Quote the entries in full, character for character, without their images.

- **Given information**:
□ □ □ □ □ □ □

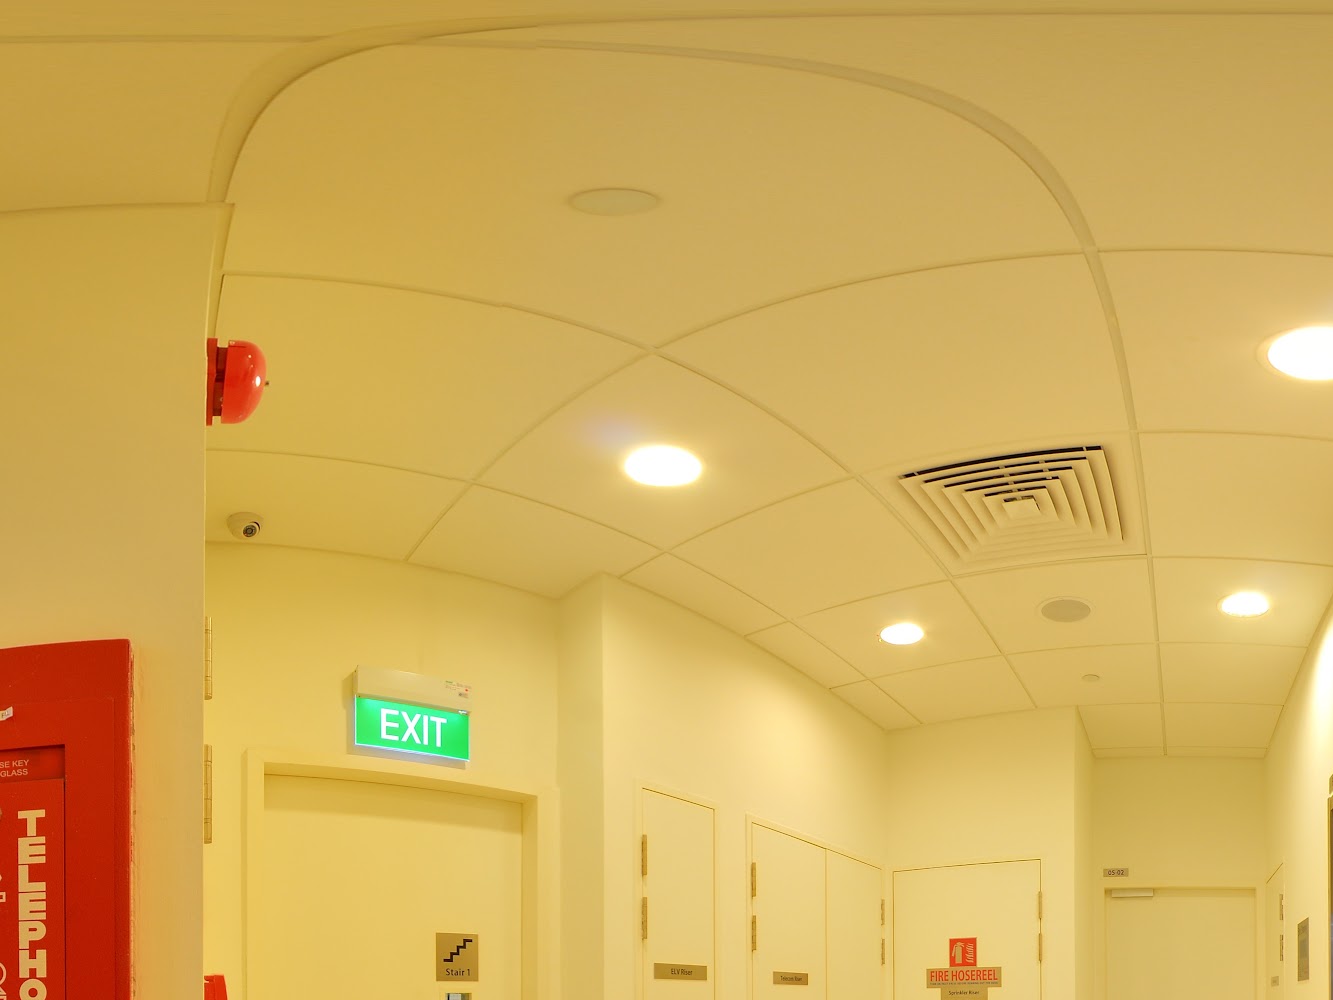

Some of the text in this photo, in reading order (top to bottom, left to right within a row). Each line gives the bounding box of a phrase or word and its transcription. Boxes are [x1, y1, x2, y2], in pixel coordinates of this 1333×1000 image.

[380, 707, 448, 748] EXIT
[12, 759, 30, 767] KEY
[0, 768, 28, 777] GLASS
[445, 967, 471, 976] Stair 1
[681, 968, 693, 976] Riser
[930, 969, 998, 982] FIRE HOSEREEL

□ □ □ □ □ □ □

- **Response for this exercise**:
Some of the text in this photo, in reading order (top to bottom, left to right within a row). Each line gives the bounding box of a phrase or word and its transcription. Boxes are [x1, y1, x2, y2], in pixel coordinates of this 1333×1000 image.

[380, 707, 448, 748] EXIT
[12, 759, 30, 767] KEY
[0, 768, 28, 777] GLASS
[445, 967, 471, 976] Stair 1
[681, 968, 693, 976] Riser
[930, 969, 998, 982] FIRE HOSEREEL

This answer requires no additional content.